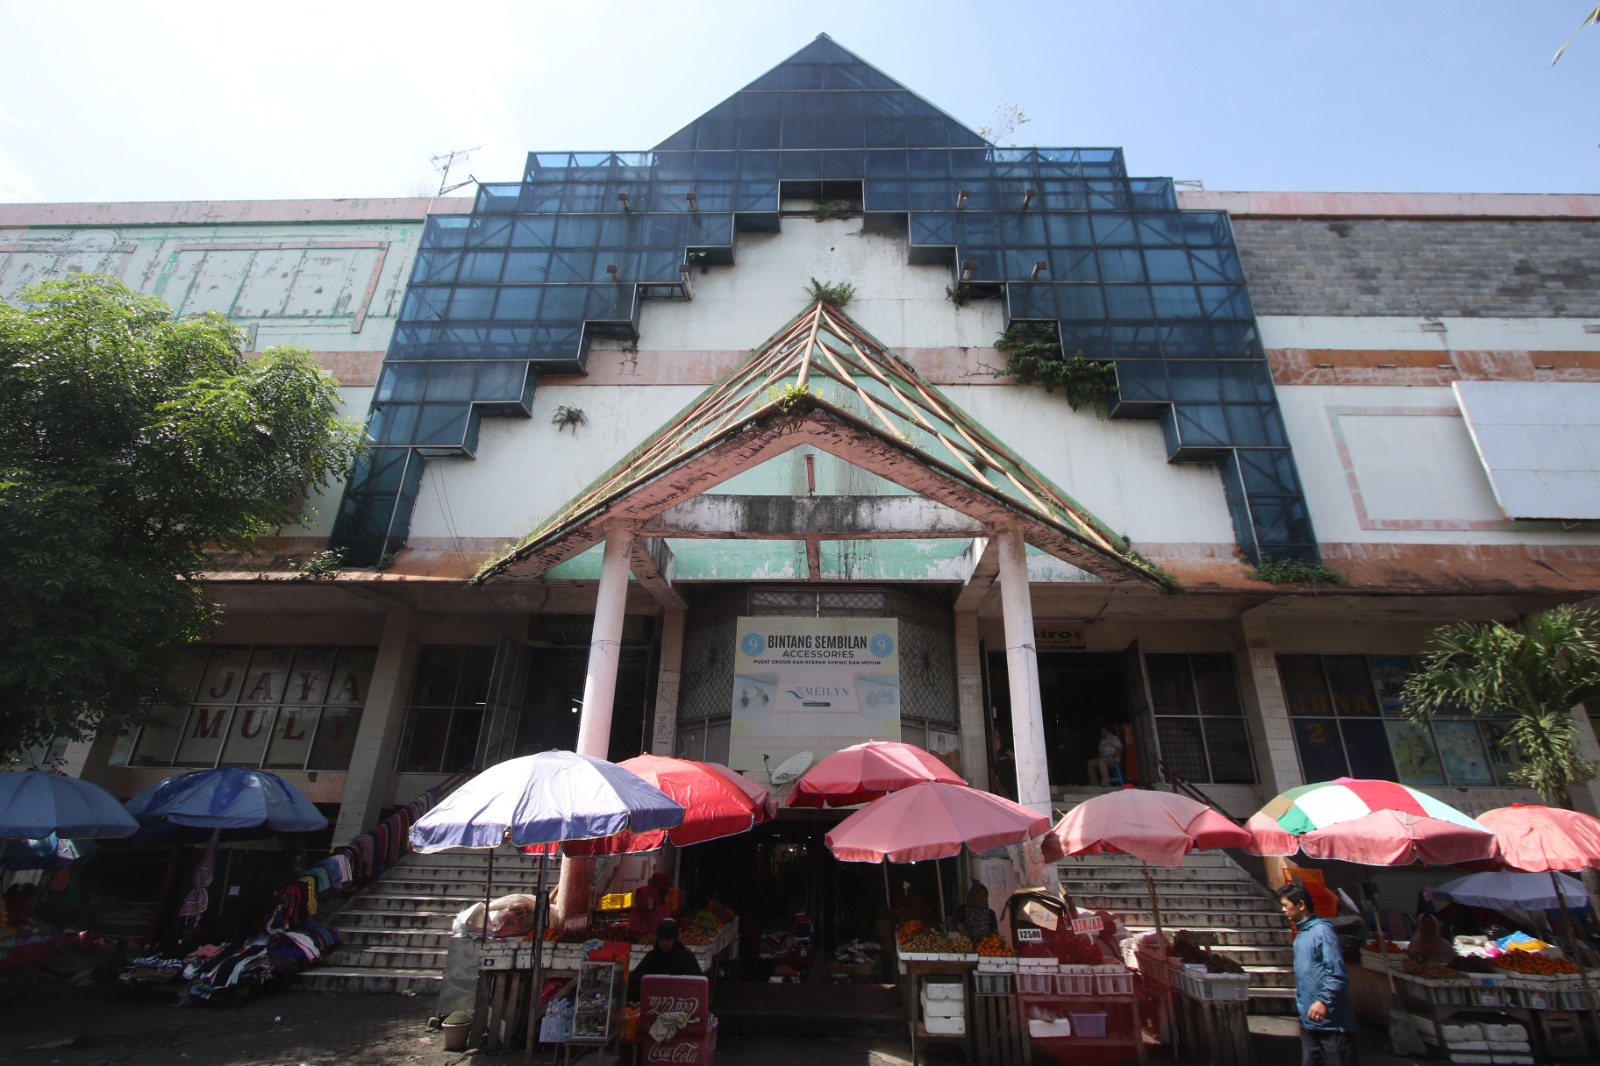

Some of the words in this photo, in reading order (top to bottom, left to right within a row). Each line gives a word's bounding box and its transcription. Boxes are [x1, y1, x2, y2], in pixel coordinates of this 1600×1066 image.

[767, 635, 812, 649] BINTANG
[814, 635, 867, 650] SEMBILAN
[782, 650, 855, 658] ACCESSORIES
[209, 671, 360, 701] JAYA
[1291, 691, 1374, 714] JUNA
[191, 709, 352, 741] MULY
[1306, 722, 1326, 744] 2
[1018, 930, 1041, 939] 12500

◆ ◆ ◆ ◆ ◆ ◆ ◆

- **TASK INSTRUCTIONS**: Pictures do not belong in the copy. Please reproduce the entries above exactly otherwise.

- **SOLUTION**:
Some of the words in this photo, in reading order (top to bottom, left to right within a row). Each line gives a word's bounding box and its transcription. Boxes are [x1, y1, x2, y2], in pixel coordinates of this 1600×1066 image.

[767, 635, 812, 649] BINTANG
[814, 635, 867, 650] SEMBILAN
[782, 650, 855, 658] ACCESSORIES
[209, 671, 360, 701] JAYA
[1291, 691, 1374, 714] JUNA
[191, 709, 352, 741] MULY
[1306, 722, 1326, 744] 2
[1018, 930, 1041, 939] 12500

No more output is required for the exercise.